Klik met de rechtermuisknop op het cluster en klik op Vernieuwen. Zo ziet u in Beheer van netwerktaakverdeling altijd de laatste gegevens. Deze stap is noodzakelijk omdat de hosteigenschappen die in Beheer van netwerktaakverdeling worden weergegeven, slechts een kopie zijn van de eigenschappen die zijn geconfigureerd tijdens de laatste verbinding met die host. Wanneer u op Vernieuwen klikt, wordt Beheer van netwerktaakverdeling opnieuw met het cluster verbonden en ziet u de bijgewerkte gegevens.

Een nieuwe poortregel voor netwerktaakverdeling maken
  1. U opent Beheer van netwerktaakverdeling door te klikken op Start, Systeembeheer en Beheer van netwerktaakverdeling. U kunt Beheer van netwerktaakverdeling ook openen door Nlbmgr te typen bij een opdrachtprompt.

  2. Als het cluster niet wordt vermeld in Beheer van netwerktaakverdeling, maakt u verbinding met het cluster.

  3. Klik met de rechtermuisknop op het cluster en klik op Eigenschappen van cluster.

  4. Klik op het tabblad Poortregels en klik op Toevoegen. Geef met behulp van informatie uit de controlelijst voor het configureren van netwerktaakverdeling waarden op voor de volgende items:

    • IP-adres van cluster, ofwel het virtuele IP-adres waarop u deze regel wilt toepassen. Geef een specifiek virtueel IP-adres op om een virtueel cluster te maken of schakel Alles in om de regel toe te passen op alle virtuele IP-adressen.

    • Poortbereik

    • Protocollen

    • Filtermodus

    • Affiniteit en Belasting (al naar gelang van toepassing)

  5. Geef in Time-out de gewenste waarde op om de affiniteitsoptie Eén of Netwerk uit te breiden. Hierdoor blijft de clientaffiniteit behouden wanneer de configuratie van een netwerktaakverdelingscluster wordt gewijzigd. Time-outinstellingen zijn alleen beschikbaar voor de opties Eén en Netwerk.

  6. Klik op OK. Hiermee worden parameters van netwerktaakverdeling gewijzigd, wordt netwerktaakverdeling gestopt (als de toepassing actief is), worden de parameters opnieuw geladen en wordt verdergegaan met clusterbewerkingen.

Aanvullende overwegingen

  • Het aantal en type regels moet voor elke host in het cluster precies gelijk zijn. Met Beheer van netwerktaakverdeling voert u de poortregels door op alle hosts in het cluster.

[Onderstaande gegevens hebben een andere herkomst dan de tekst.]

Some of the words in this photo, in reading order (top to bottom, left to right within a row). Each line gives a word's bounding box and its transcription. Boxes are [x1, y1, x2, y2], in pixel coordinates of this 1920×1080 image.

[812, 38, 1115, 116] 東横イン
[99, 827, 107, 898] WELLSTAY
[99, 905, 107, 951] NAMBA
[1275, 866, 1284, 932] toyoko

  • Als een host lid van het cluster probeert te worden met een ander aantal regels dan de andere hosts, wordt die host niet geaccepteerd als lid van het cluster en blijft de rest van het cluster het verkeer gewoon verwerken. Tegelijkertijd wordt een bericht ingevoerd in het Windows-gebeurtenislogboek. Controleer in dat geval het gebeurtenislogboek om vast te stellen welke host conflicteert met de andere clusterhosts, los het conflict op en start netwerktaakverdeling opnieuw op die host.

  • De regels die worden ingevoerd voor elke host in het cluster, moeten hetzelfde IP-adres van het cluster, hetzelfde poortbereik, hetzelfde protocoltype en dezelfde filtermodus hebben.

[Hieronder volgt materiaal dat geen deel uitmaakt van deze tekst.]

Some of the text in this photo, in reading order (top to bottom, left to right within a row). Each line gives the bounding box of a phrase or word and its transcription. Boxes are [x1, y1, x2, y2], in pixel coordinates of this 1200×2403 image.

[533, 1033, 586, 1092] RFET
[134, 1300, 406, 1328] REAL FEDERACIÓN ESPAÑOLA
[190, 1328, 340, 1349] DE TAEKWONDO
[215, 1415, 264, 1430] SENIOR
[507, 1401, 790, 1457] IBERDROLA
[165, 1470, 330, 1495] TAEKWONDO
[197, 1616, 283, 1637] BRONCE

    Als netwerktaakverdeling tussen de hosts in het cluster een inconsistente regel ontdekt, wordt een bericht vastgelegd in het Windows-gebeurtenislogboek. Controleer het gebeurtenislogboek om de host in kwestie te bepalen en om vast te stellen welke regel dit probleem veroorzaakt. Corrigeer de regel en start netwerktaakverdeling opnieuw op die host. Zie Aanvullende naslaginformatie voor meer informatie over foutregistratie en clusterbewerkingen.

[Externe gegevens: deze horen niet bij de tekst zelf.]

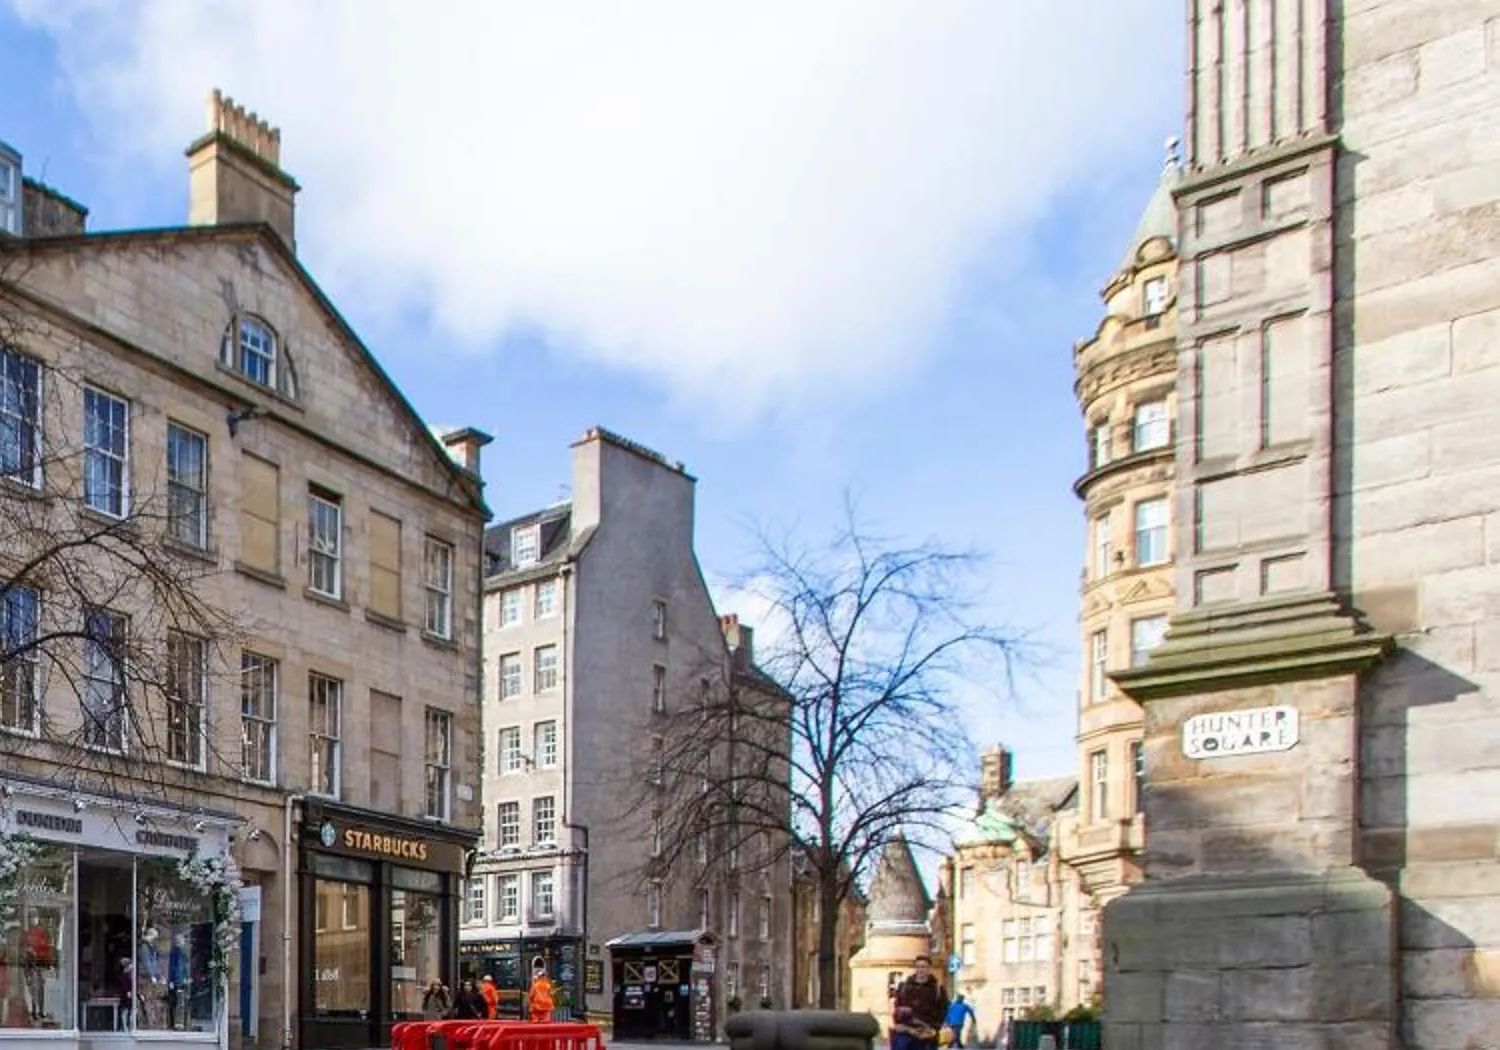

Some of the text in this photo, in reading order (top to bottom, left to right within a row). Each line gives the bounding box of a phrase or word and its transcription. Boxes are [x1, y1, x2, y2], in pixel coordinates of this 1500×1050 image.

[1190, 711, 1288, 735] HUNTER
[1189, 729, 1287, 754] SQUARE
[345, 829, 428, 860] STARBUCKS

  • Wanneer u netwerktaakverdeling gebruikt voor het verdelen van VPN-verkeer (zoals PPTP/GRE en IPSEC/L2TP), moet u de poortregels configureren voor de poorten die het VPN-verkeer verwerken (TCP-poort 1723 voor PPTP en UDP-poort 500 voor IPSEC) door ze in te stellen op Eén- of Netwerk-affiniteit.

  • Om er voor te zorgen dat netwerktaakverdeling IP-fragmenten op de juiste wijze kan verwerken, moet u voor affiniteit niet de waarde Geen gebruiken wanneer u UDP of Beide als protocolinstelling selecteert. Stel affiniteit daarentegen in op Eén.

  • De lijst met alle geïnstalleerde poortregels wordt gesorteerd op poortbereik.

  • De parameters die zijn ingesteld in het dialoogvenster Eigenschappen worden vastgelegd in het register van elke host.